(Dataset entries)
.....
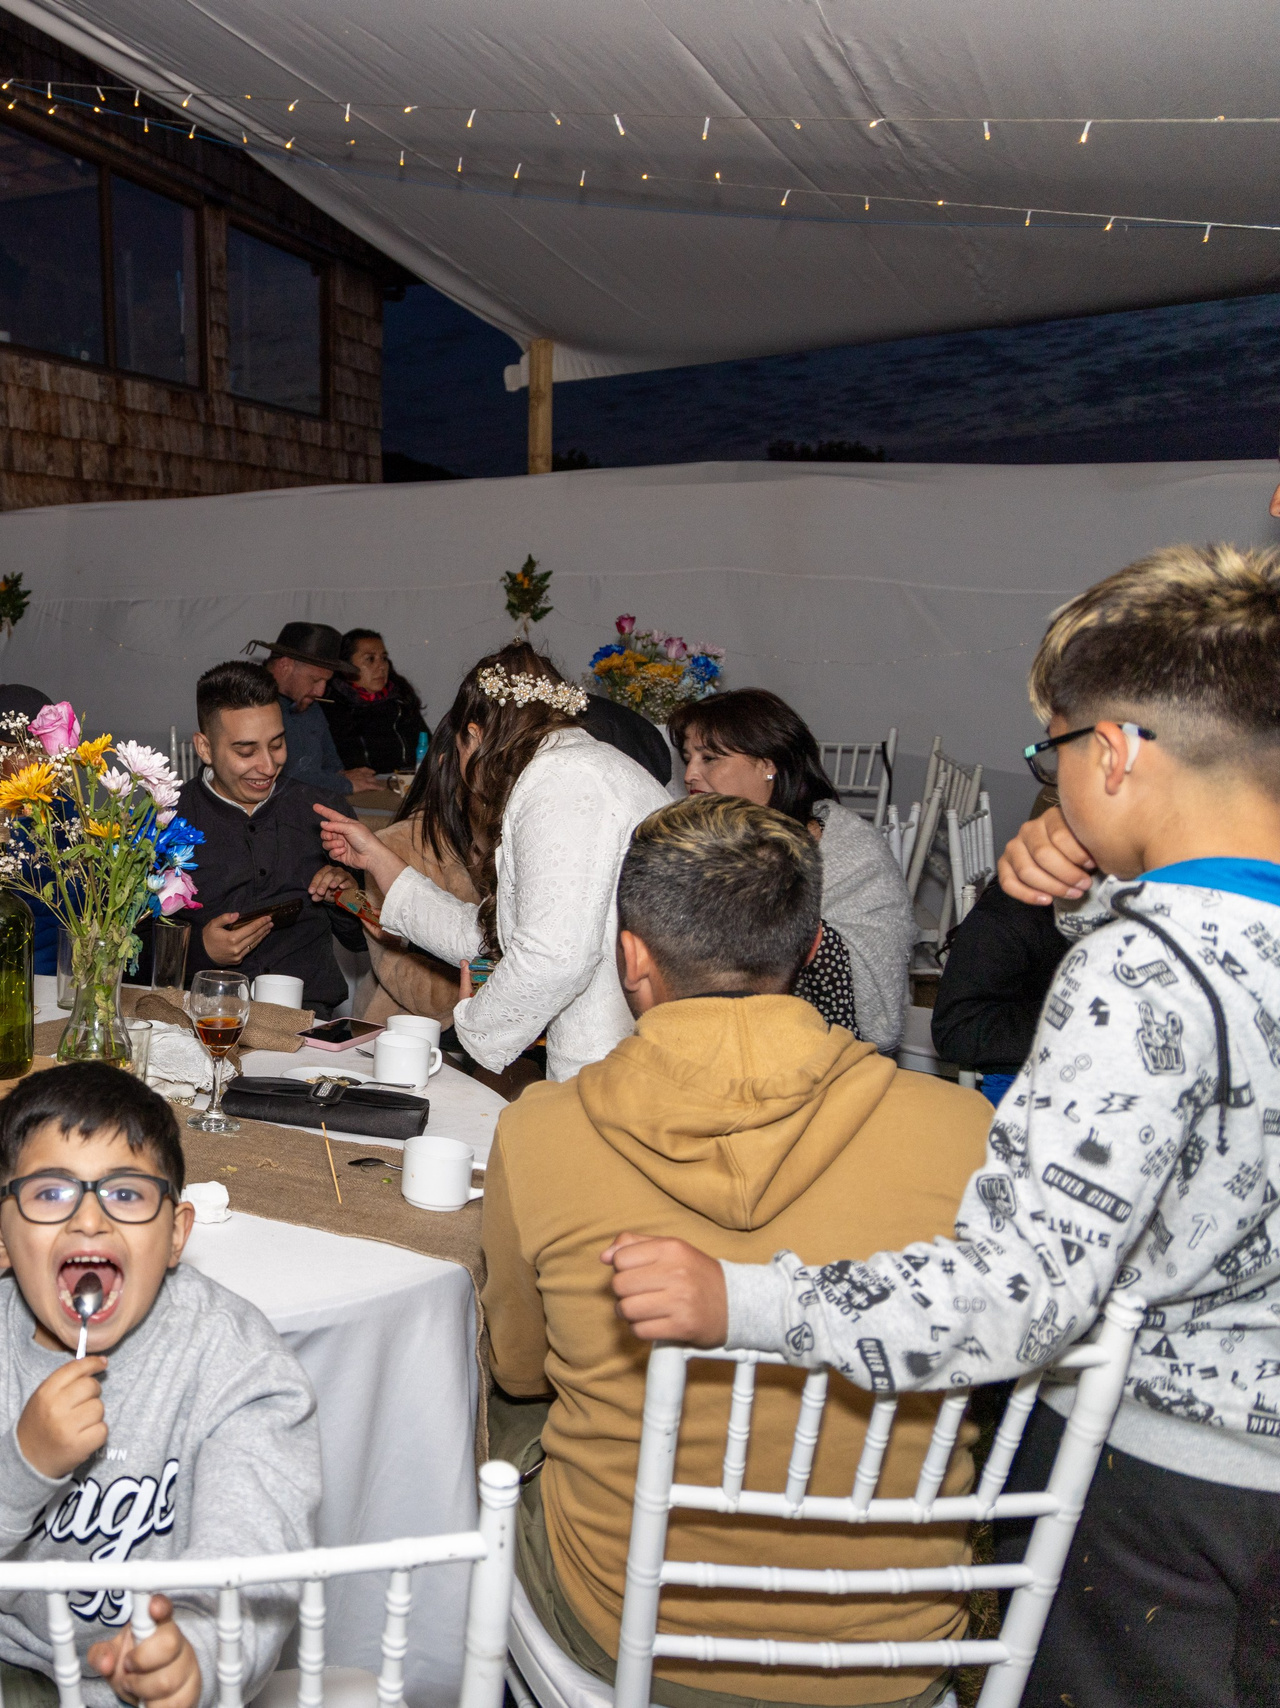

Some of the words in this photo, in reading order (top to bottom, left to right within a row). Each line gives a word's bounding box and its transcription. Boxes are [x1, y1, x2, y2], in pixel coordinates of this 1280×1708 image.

[1045, 1166, 1086, 1198] NEVER
[1086, 1188, 1117, 1214] GIVE
[1116, 1202, 1132, 1220] UP
[1047, 1217, 1112, 1249] START
[861, 1340, 885, 1373] NEVER
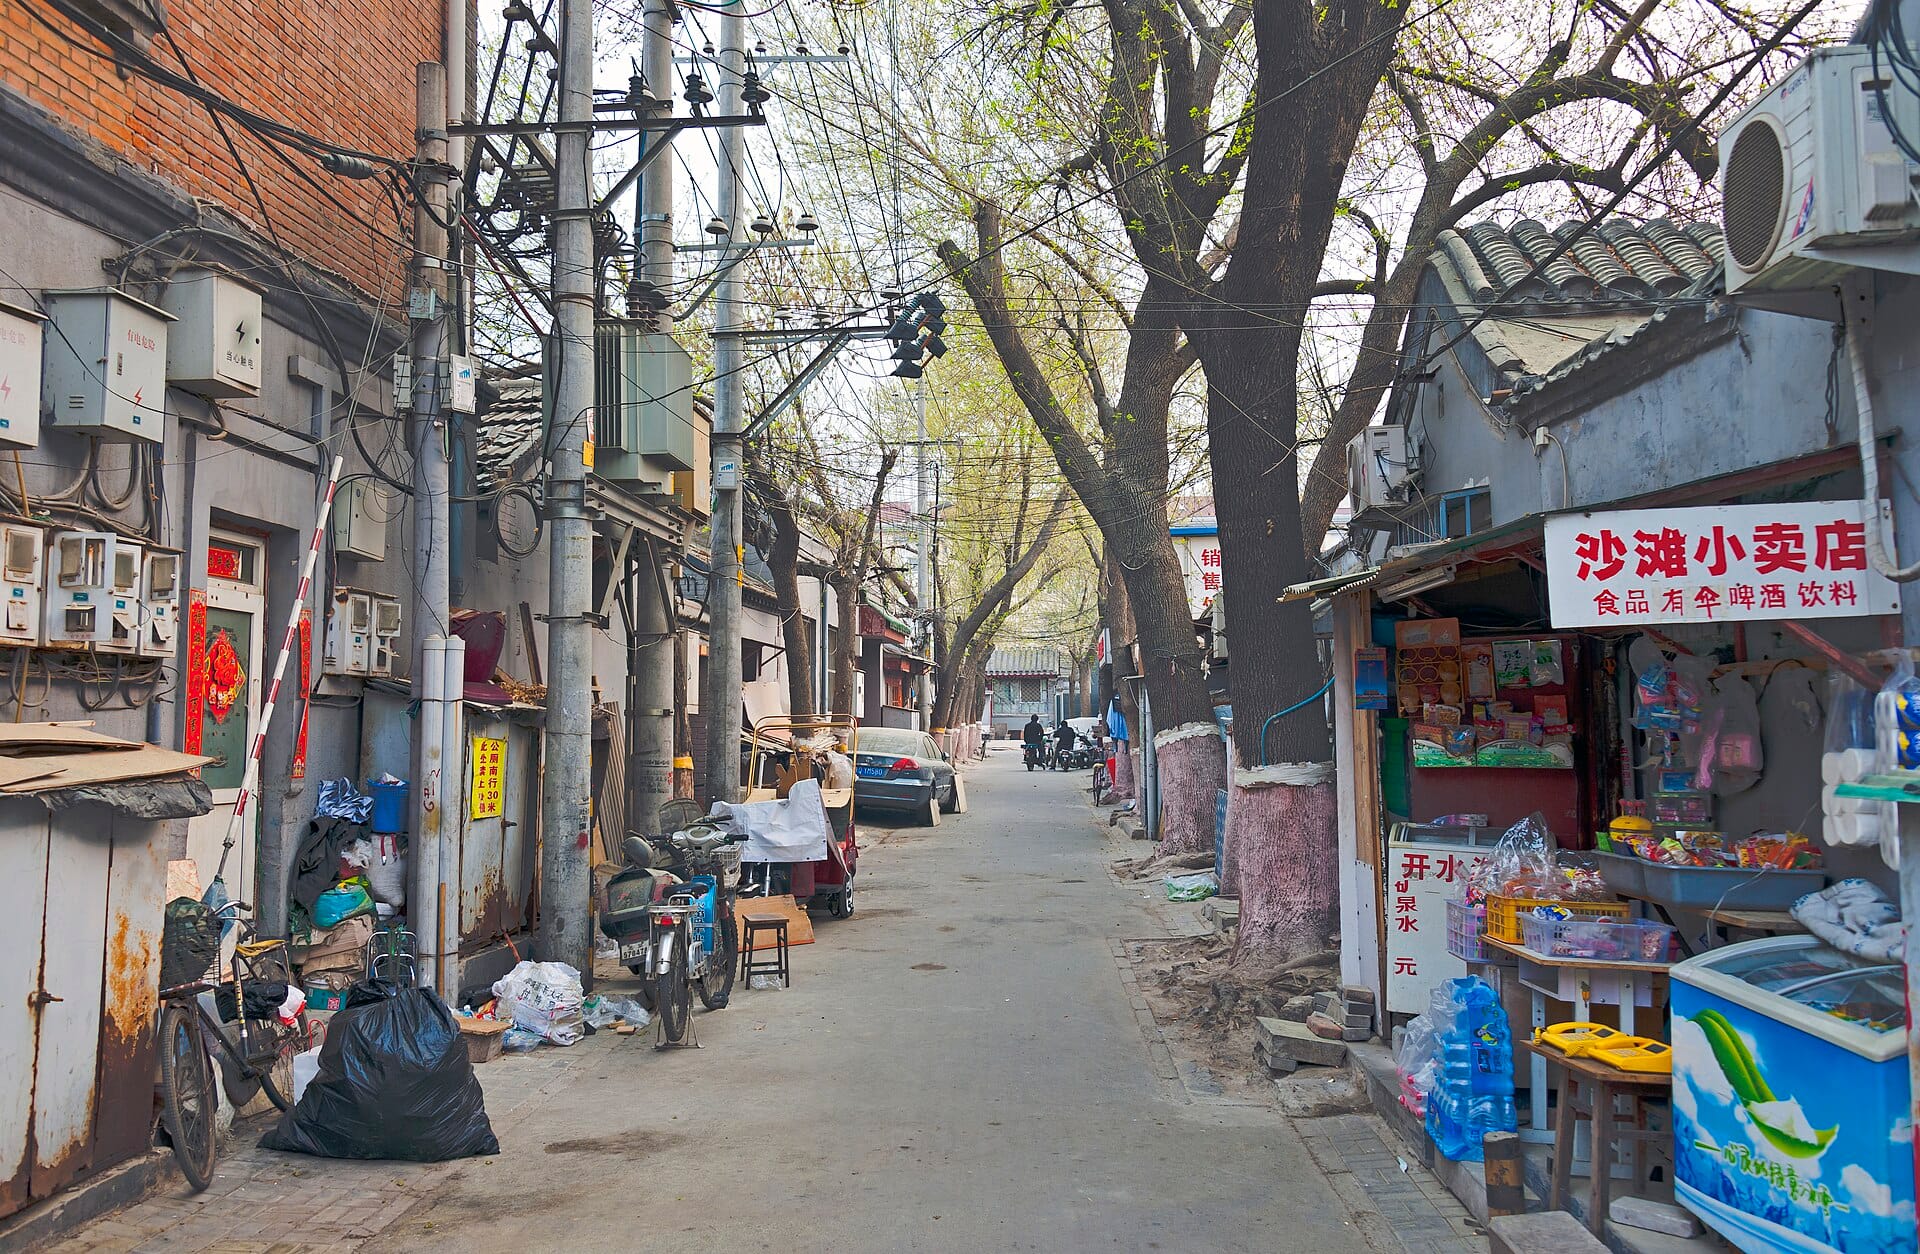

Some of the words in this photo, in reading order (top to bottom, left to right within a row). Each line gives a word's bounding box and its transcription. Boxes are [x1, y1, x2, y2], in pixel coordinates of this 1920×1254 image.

[226, 350, 254, 370] 当心触电
[1575, 519, 1868, 582] 沙滩小卖店
[1593, 588, 1650, 616] 食品
[1729, 583, 1786, 612] 啤酒
[1797, 580, 1857, 608] 饮料
[487, 741, 501, 813] 公厕南行30米
[1394, 957, 1418, 976] 元
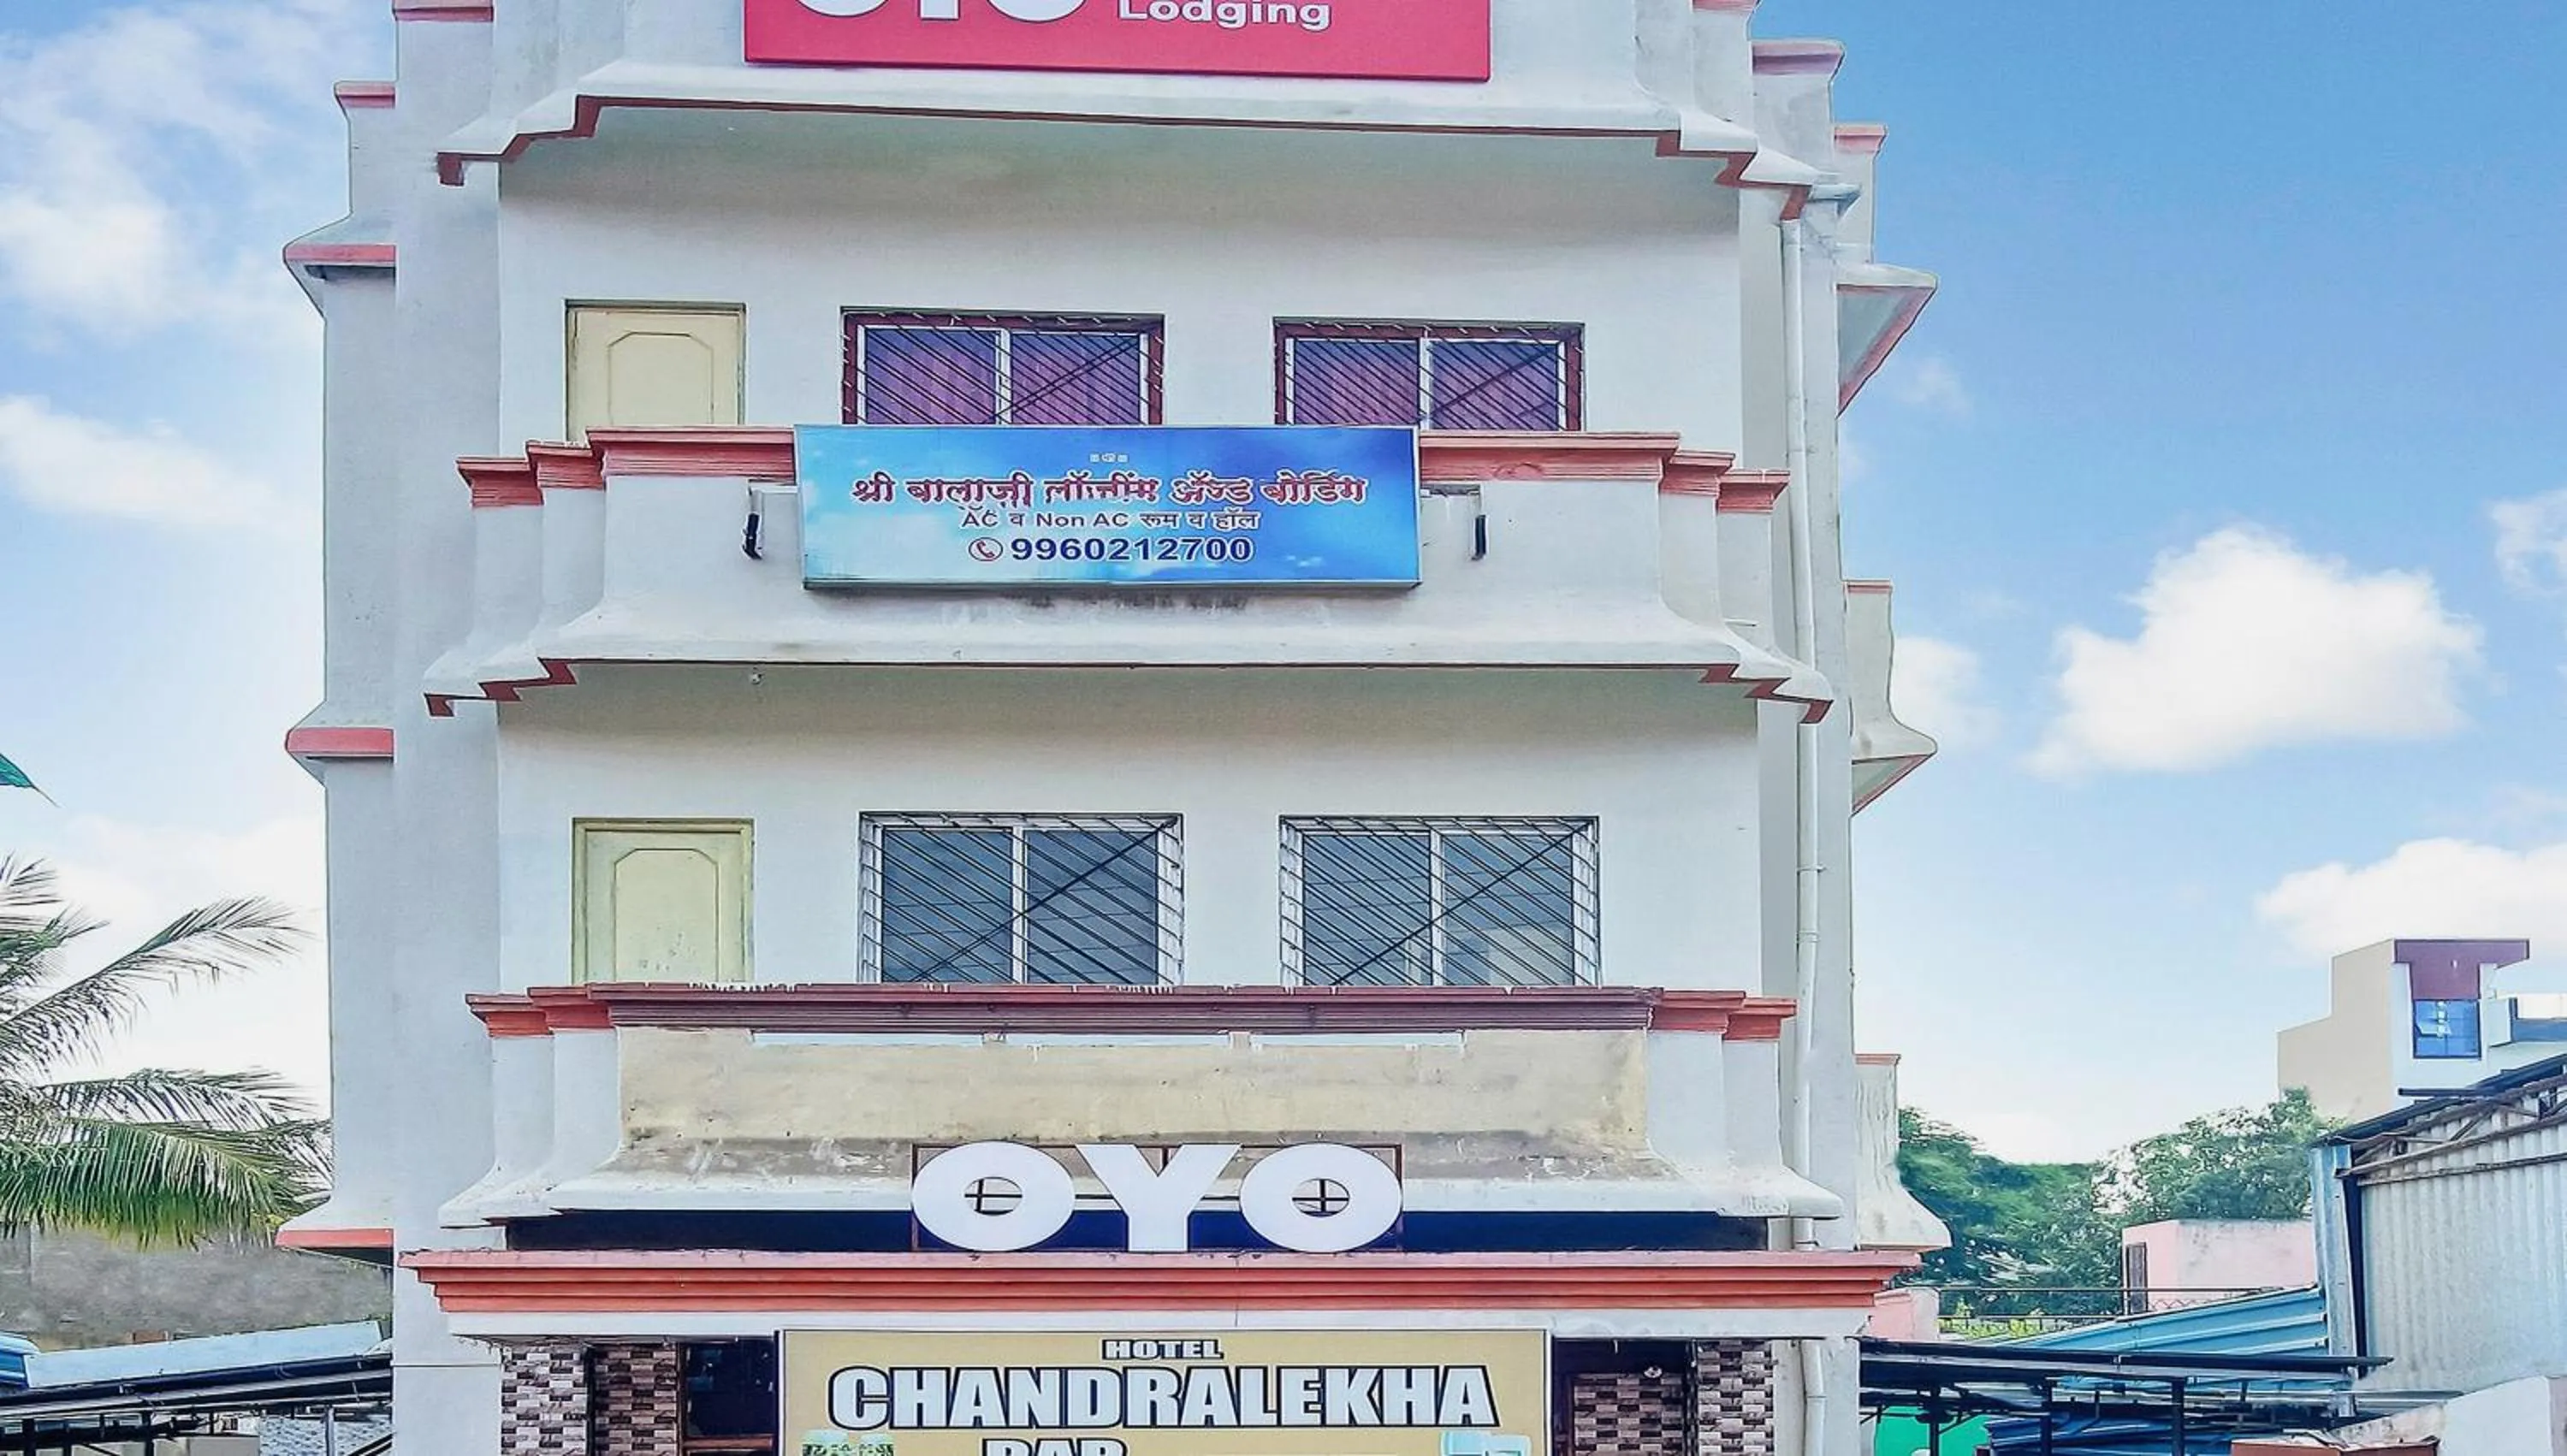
.....
_REQUIRED WORK_.
The expected output is every record above, copied exactly, without pictures.

_OUTPUT_.
Some of the words in this photo, in reading order (top to bottom, left to right within a row). Each line gives a word's bounding box and its transcription. Boxes are [x1, y1, x2, y2], in pixel coordinates of this 1280×1708 image.

[1045, 1166, 1086, 1198] NEVER
[1086, 1188, 1117, 1214] GIVE
[1116, 1202, 1132, 1220] UP
[1047, 1217, 1112, 1249] START
[861, 1340, 885, 1373] NEVER

Some of the words in this photo, in reading order (top to bottom, left to right within a row). Each line gives a word's bounding box and its transcription. Boxes are [x1, y1, x2, y2], in pixel coordinates of this 1920×1254 image.

[226, 350, 254, 370] 当心触电
[1575, 519, 1868, 582] 沙滩小卖店
[1593, 588, 1650, 616] 食品
[1729, 583, 1786, 612] 啤酒
[1797, 580, 1857, 608] 饮料
[487, 741, 501, 813] 公厕南行30米
[1394, 957, 1418, 976] 元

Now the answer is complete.